AC Not Turning On: Troubleshooting and Repair Guide

AC not turning on? Before you panic, read our guide below.

We’ll cover some basic troubleshooting tips to try, things to consider, and when to call an air conditioner repairman.

AC Not Turning On?

What’s going wrong when you notice your AC not turning on? Air conditioners are one of those things we tend to take for granted until they suddenly stop working.

It seems like extremely hot days are the most common times to have an AC problem. If you’re willing to try, there are a few DIY fixes that might provide you with some cool relief. 

That’s not to say that every problem behind an AC not turning on is a simple fix. Some of the more complex or dangerous components in an air conditioning unit could be the culprit.
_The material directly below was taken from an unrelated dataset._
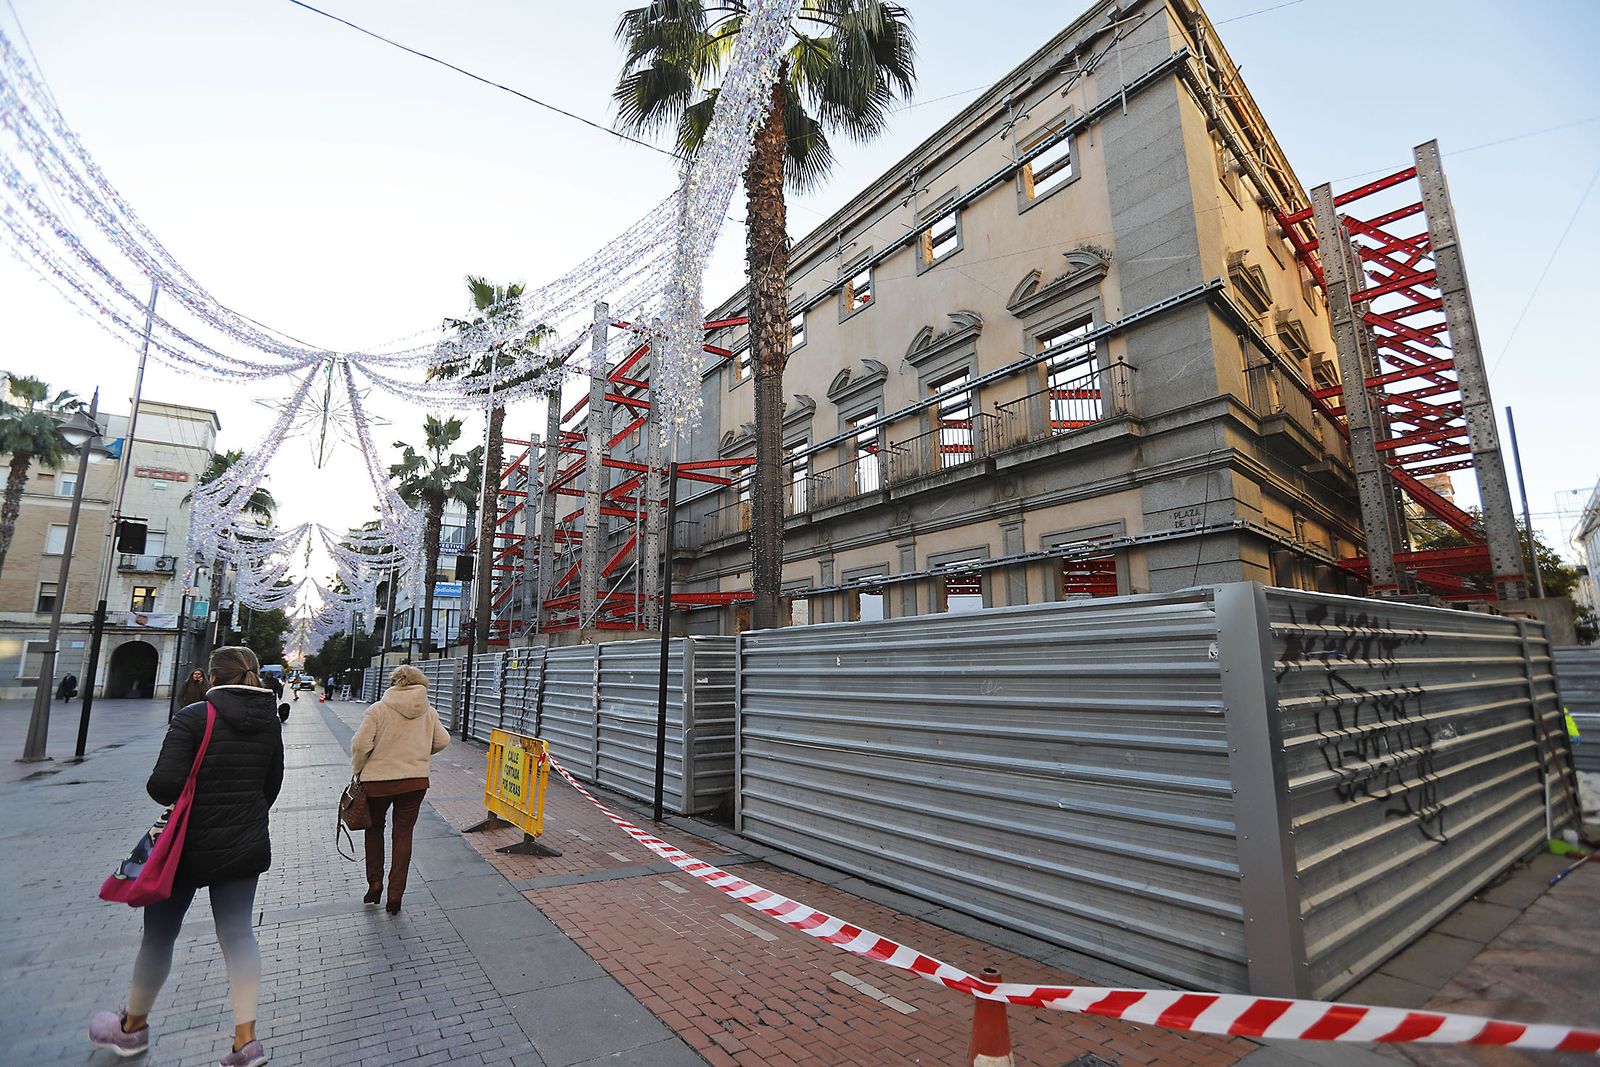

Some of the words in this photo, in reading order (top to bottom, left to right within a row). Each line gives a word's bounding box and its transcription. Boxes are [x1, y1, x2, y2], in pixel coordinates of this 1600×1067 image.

[1173, 509, 1201, 519] PLAZA
[1174, 520, 1186, 528] DE
[1190, 518, 1202, 526] LA
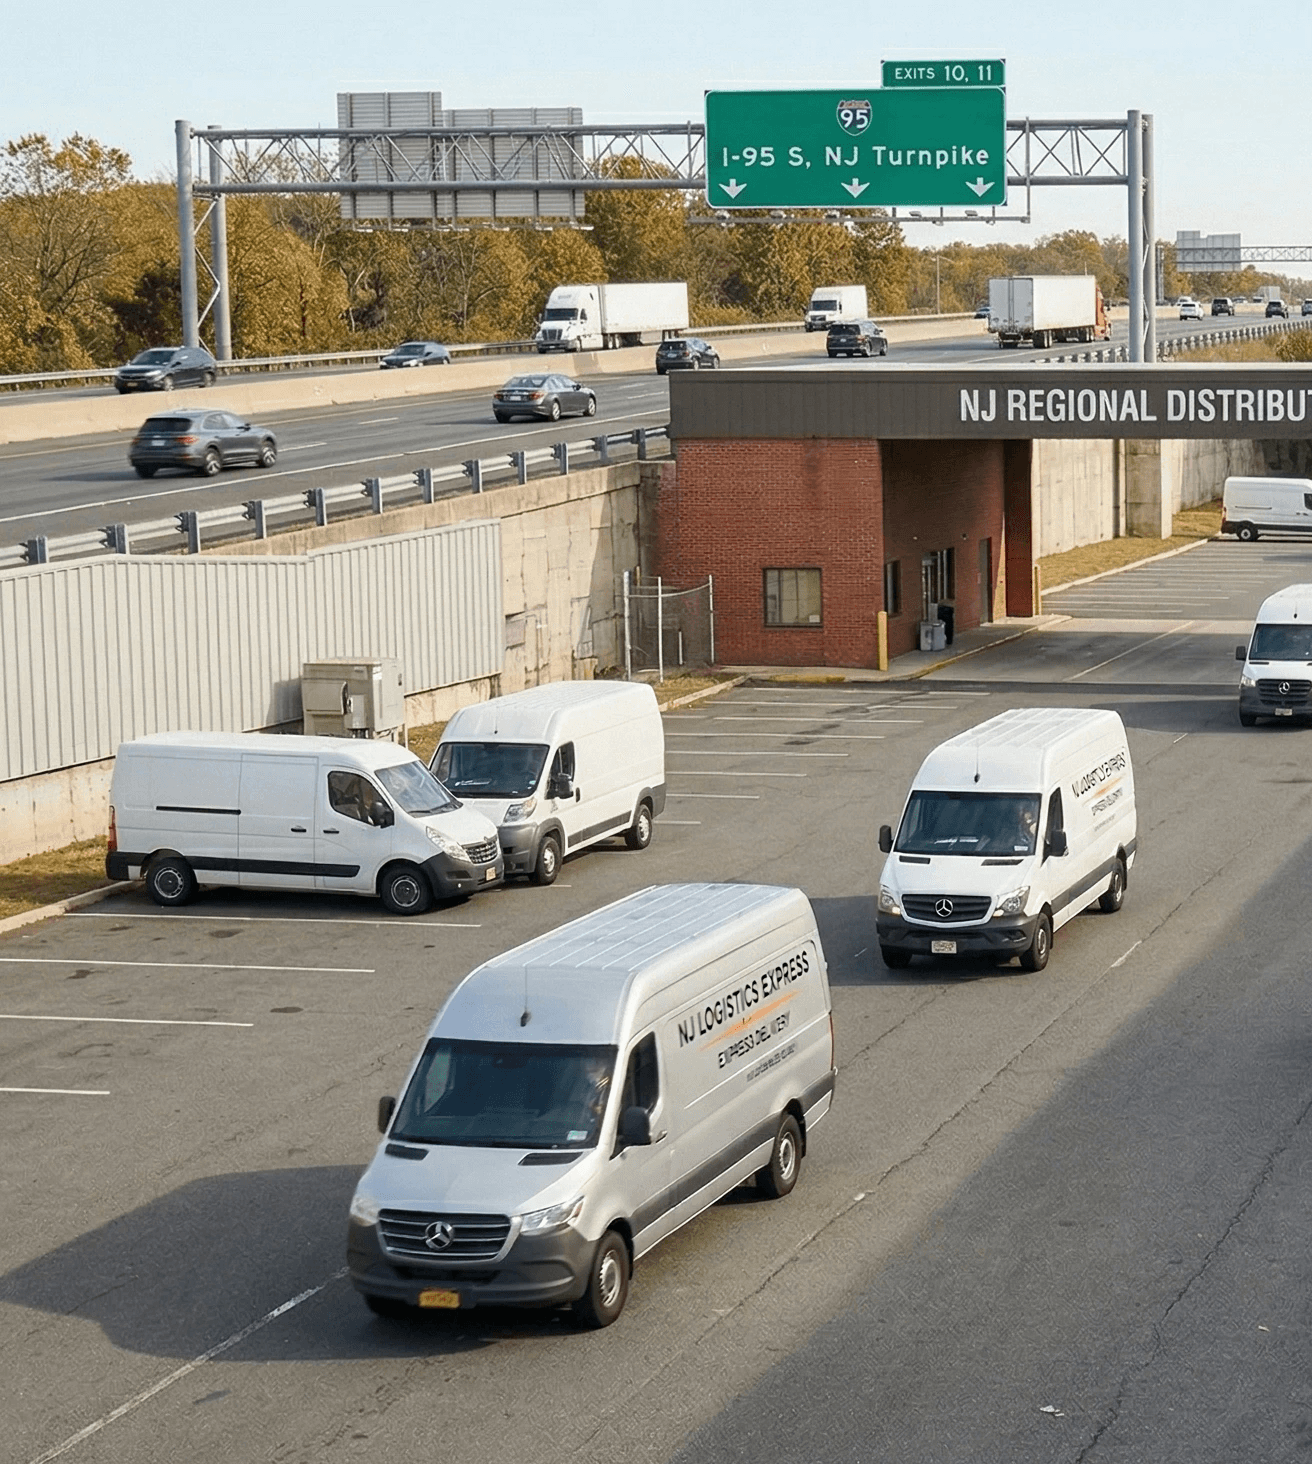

Don’t Panic; Call for Help

Repairman Works On Air Conditioner Horizontal Shot repairing an ac not turning on

Carolyn Franks/Shutterstock

In these cases, you’ll have to call a professional for help. We’ll outline the different problems that can cause an air conditioner not to turn on.

Included are simple problems you can fix at home and bigger problems that will require an HVAC technician’s help. When an AC isn’t turning on at all, something is going on that needs immediate attention.

So read through the troubleshooting guide and try the DIY fixes, but be ready to call an HVAC company if those don’t work. Don’t have an HVAC company you trust?

Use our form to describe the problem and enter your zip code. We’ll connect you with an HVAC company in your area, plus you’ll get a free quote for their service.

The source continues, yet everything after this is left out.